ETF substitutes for my portfolio

Recently, I applied for the Wells Fargo Portfolio Management Account (PMA) so that I can take advantage of their 100 free trades offer per year for every linked account. The 100 free trades offer is very attractive as it would allow me to invest into ETFs or no-load funds (which previously have transaction fees) with no fees.

There are certain advantages in using ETFs instead of mutual funds; some of which are better tax efficiency, lower expense ratios and no redemption fee / trading restrictions. Currently, the core of my portfolio is invested in Vanguard mutual funds, but this could change in future as I am thinking of using more ETFs in my portfolio, especially for some of the more relevant asset classes.

I looked around to find the ETF vehicles of the asset classes that I currently hold.

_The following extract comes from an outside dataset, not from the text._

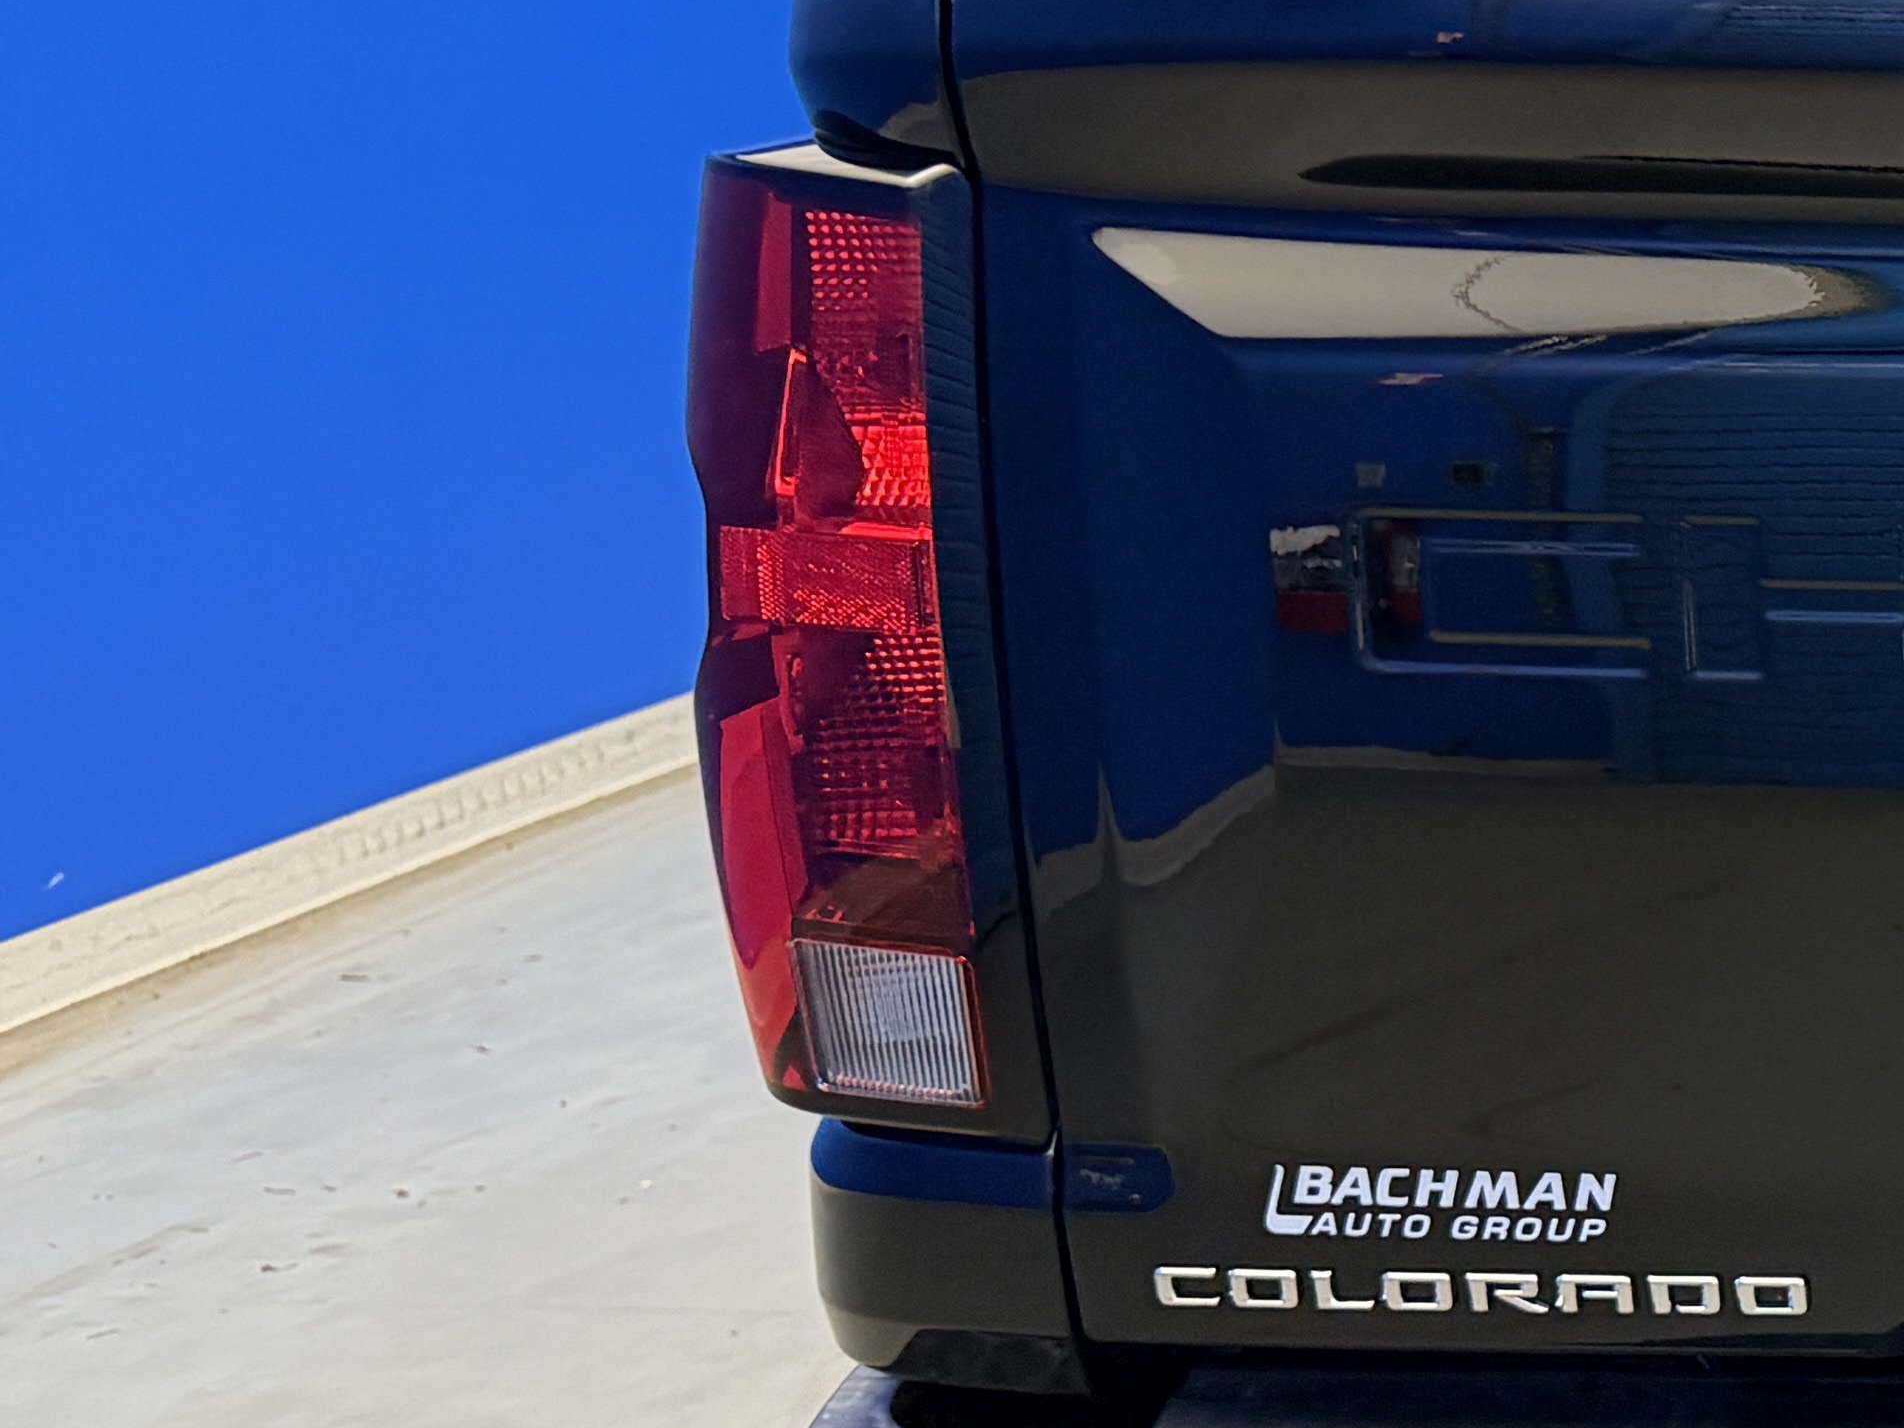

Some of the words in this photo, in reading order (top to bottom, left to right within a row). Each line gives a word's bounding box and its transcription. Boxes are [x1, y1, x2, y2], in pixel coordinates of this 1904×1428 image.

[1293, 1164, 1617, 1212] BACHMAN
[1308, 1212, 1432, 1240] AUTO
[1450, 1214, 1607, 1243] GROUP
[1153, 1266, 1809, 1316] COLORADO

The following is the list for my equity asset allocation:

  • US Total Market : Mutual Fund = VTSAX (Vanguard Total Stock Market Index Admiral, ER = 0.09%), ETF = VTI (Vanguard Total Stock Market ETF, ER = 0.07%).
  • US Small-cap : Mutual Fund = VTMSX (Vanguard Tax-managed Small-cap, ER = 0.14%), ETF = VB (Vanguard Small-cap ETF, ER 0.10%) or IJR (iShares S&P 600 index, ER 0.20%, higher trading volume) in taxable account or VBR (Vanguard Small-cap Value ETF, ER = 0.12%) in tax-advantaged account.
  • US Real Estate : Mutual Fund = VGSIX (Vanguard REIT Index, ER = 0.21%), ETF = VNQ (Vanguard REIT ETF, ER = 0.12%) in tax-advantaged account only.
  • Int’l Emerging Markets : Already using ETF, which is VWO (Vanguard Emerging Market ETF, ER = 0.30%).
  • Precious Metal Equity : Mutual Fund = VGPMX (Vanguard Precious Metals and Mining, ER = 0.40%), Current poor substitue is Market Vectors Gold Miners ETF, GDX (ER = 0.50%).
  • Healthcare : Already using ETFs, which are IHF (iShares DJ US Healthcare Providers ETF, ER = 0.48%), PBE (Powershares Biotech and Genome ETF, ER = 0.6%) and XPH (State Street SPDR Pharmaceuticals ETF, ER = 0.36%).


  1. choozm


    Why are some ETFs “poor substitue”? Is it because of high ER? Or low trading volume?

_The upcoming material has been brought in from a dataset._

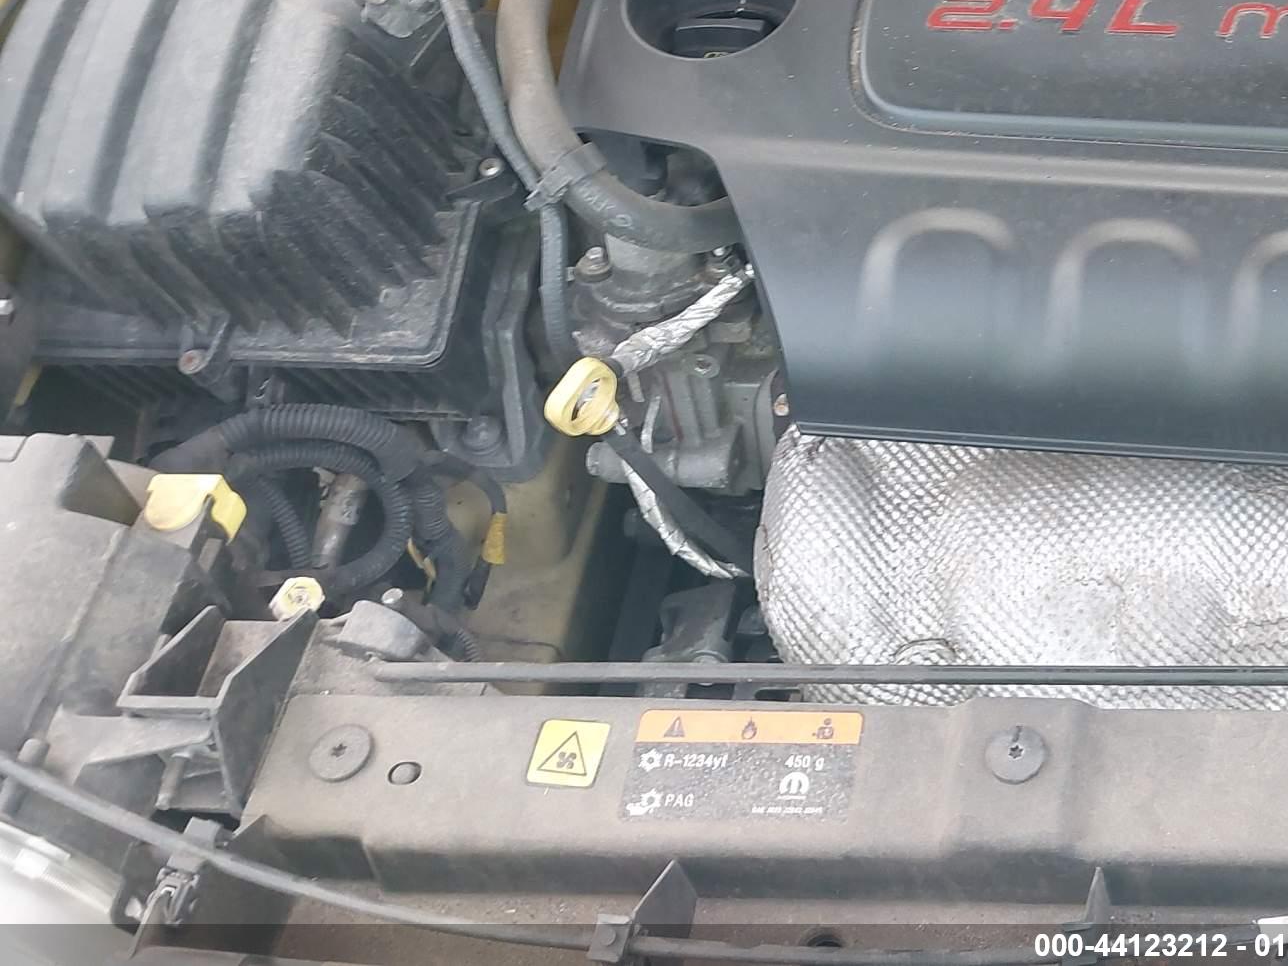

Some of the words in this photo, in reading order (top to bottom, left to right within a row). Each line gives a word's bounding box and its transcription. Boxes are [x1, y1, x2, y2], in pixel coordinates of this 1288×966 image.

[663, 753, 728, 771] R-1234yf
[784, 754, 810, 769] 450
[814, 757, 825, 771] g
[664, 793, 695, 808] PAG

    How about trading volume of these ETFs? Any problem with that?

  2. indexfundfan (Post author)

    choozm, you guessed right. I don’t like the ETFs with higher ER, e.g. EFA. As for Wisdom Tree’s DLS, it is just using the latest fad — weightage by dividend distribution and is not a “true” index fund. Rick Ferri calls it Spindex.

    As for GDX, I think it deviates quite significantly from VGPMX — and I haven’t decided if I will take it up.

  3. indexfundfan (Post author)

    I added information on all the expense ratios into the post. The case for EFA doesn’t look so bad actually, but I would still be interested to find out more on Vanguard’s upcoming all-world ex-USA offering.

    On US small-cap, IJR, which tracks S&P 600 index, might be a good option to VB (Vanguard small-cap index ETF) as it has a more respectable trading volume compared to VB.

  4. choozm

    indexfundfan, how long would you observe after the Vanguard’s Int’l ETF starts trading? If you take a long time (one year?) to observe its volume or spread before you decide to invest in it, then the cash waiting to be invested will be idle, no? I am just thinking of similar problem should Lyxor lists broad based ETF in SGX.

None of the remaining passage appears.